PHONE-CHARGING: Less than €5 a year.

These days ‘living dangerously’ is when your phone only has a 5 per cent charge, says LBA-sufferer Terence Kennedy.  

 

NINETY PER CENT of people leave their phone chargers plugged in day and night. The other 10 per cent are either obsessive compulsives (guilty as charged m’lud) or planet-savers.

Depending on whose statistics you believe, a permanently-plugged phone charger consumes less than €5 of electricity a year. No, that’s not a misprint. Tell that to the coffee-bar owner who refused to let me charge my phone for a couple of hours there while I did other business, ‘unless you pay for the electricity.’ Will one cent do nicely?

LBA is now an acknowledged modern syndrome: Low Battery Anxiety. Typically that’s when it’s barely lunchtime and you’re down to 20 per cent and panicked. Manufacturer LG says nine out of 10 people suffer from LBA, while the rest of us just get on with our lives.

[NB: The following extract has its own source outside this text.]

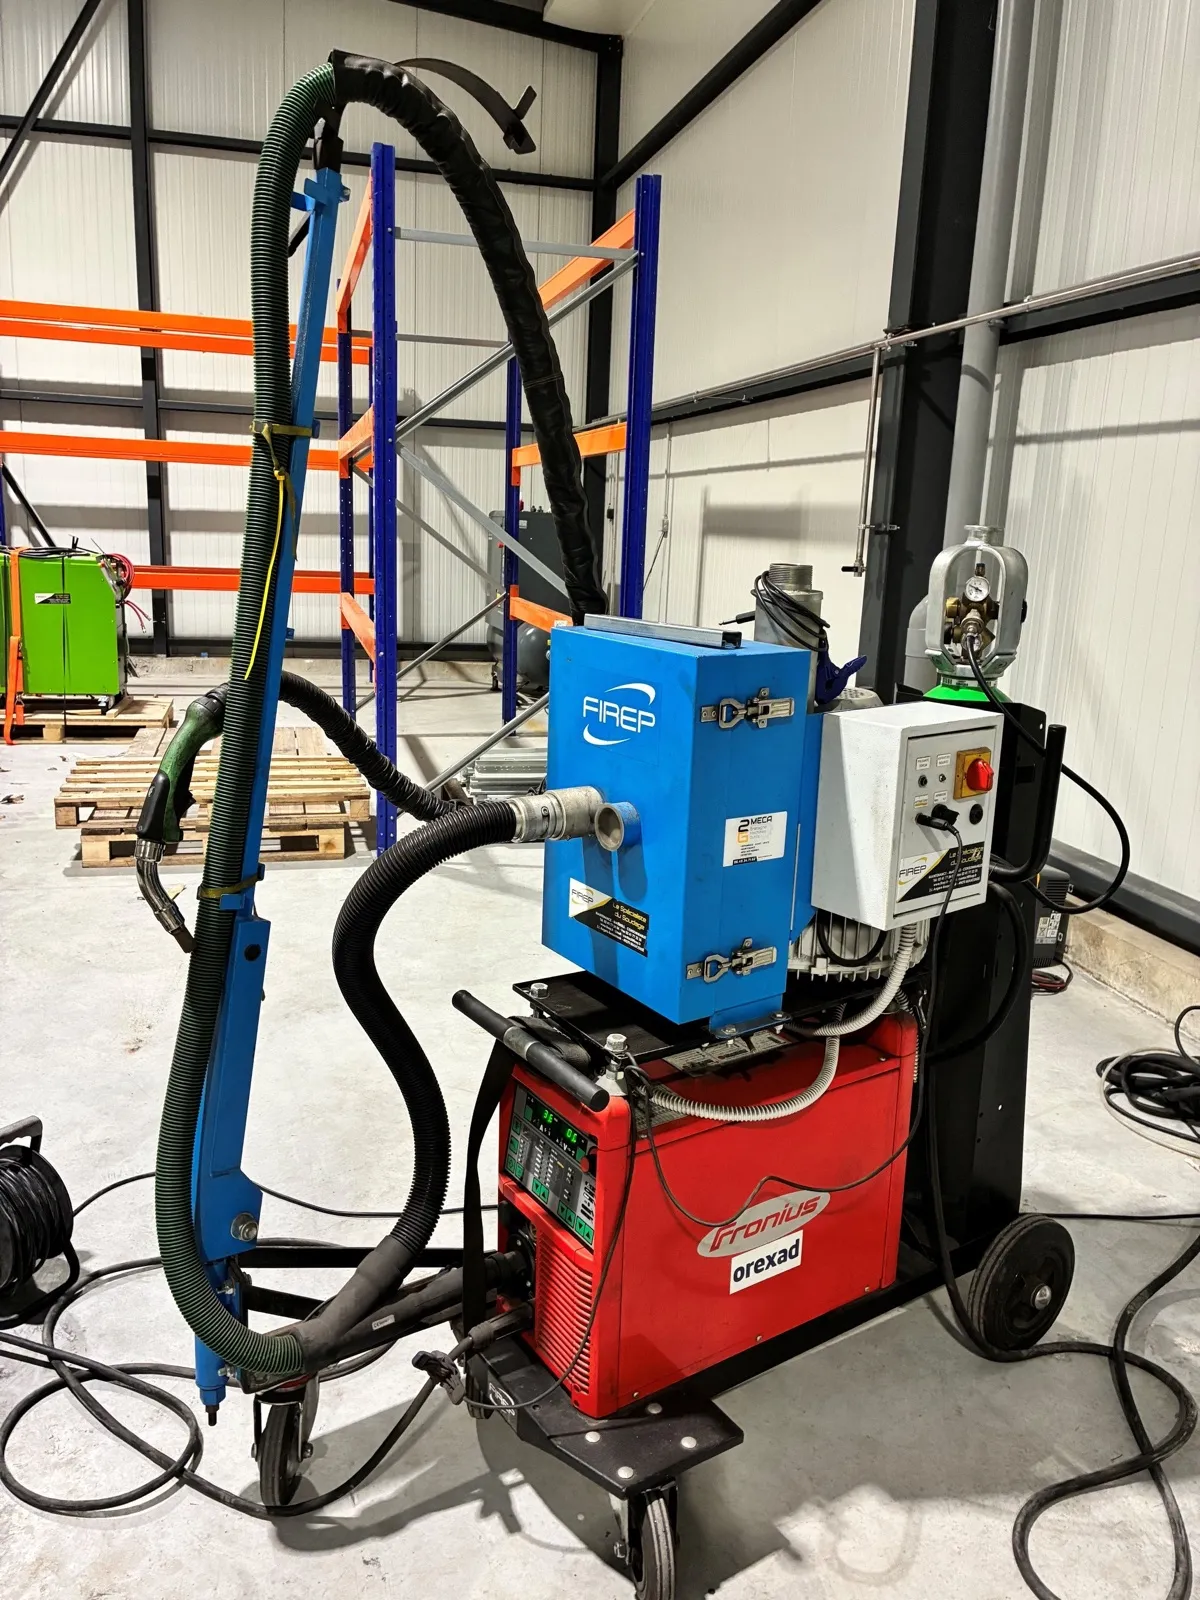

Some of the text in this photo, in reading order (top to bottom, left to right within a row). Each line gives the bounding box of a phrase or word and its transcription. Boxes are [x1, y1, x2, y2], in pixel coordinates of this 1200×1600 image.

In our ‘always-on’ society, a dead battery is today’s best excuse, or genuine reason, for missing calls, not responding to messages or turning up late for appointments (‘I had to wait for my phone to charge.’)

An American survey revealed that in a low-power scenario and having to choose between hitting the gym and charging their smartphone fully, a third of those asked opted for the charging. 

We have become so seriously charger-dependent. Most people charge their phones twice a day now, where my wife’s old Nokia happily used to chug along for a week or more. 

It’s also surprising just how uninformed we are when it comes to the way we treat our batteries.

Gone, for instance, are the days when you should religiously charge a new phone for 24 hours before use, and then regularly run it down before recharging.

That worked with prehistoric nickel-cadmium batteries, but today’s lithium-ion packs don’t like being fully recharged and discharged; experts say it’s better to keep trickle-charging them more often, at between 40 and 80 per cent of capacity, and never leave them near-empty for long.

It’s also a myth that keeping your phone on charge all night will degrade the battery. Modern technology turns off the phone’s appetite, just like ours, when it’s full.

When you think about it, it is of course iniquitous as fewer and fewer phones now have replaceable batteries, that when the battery is finished so is the phone. Or could that be a plot by those now selling all those portable power banks by the zillions?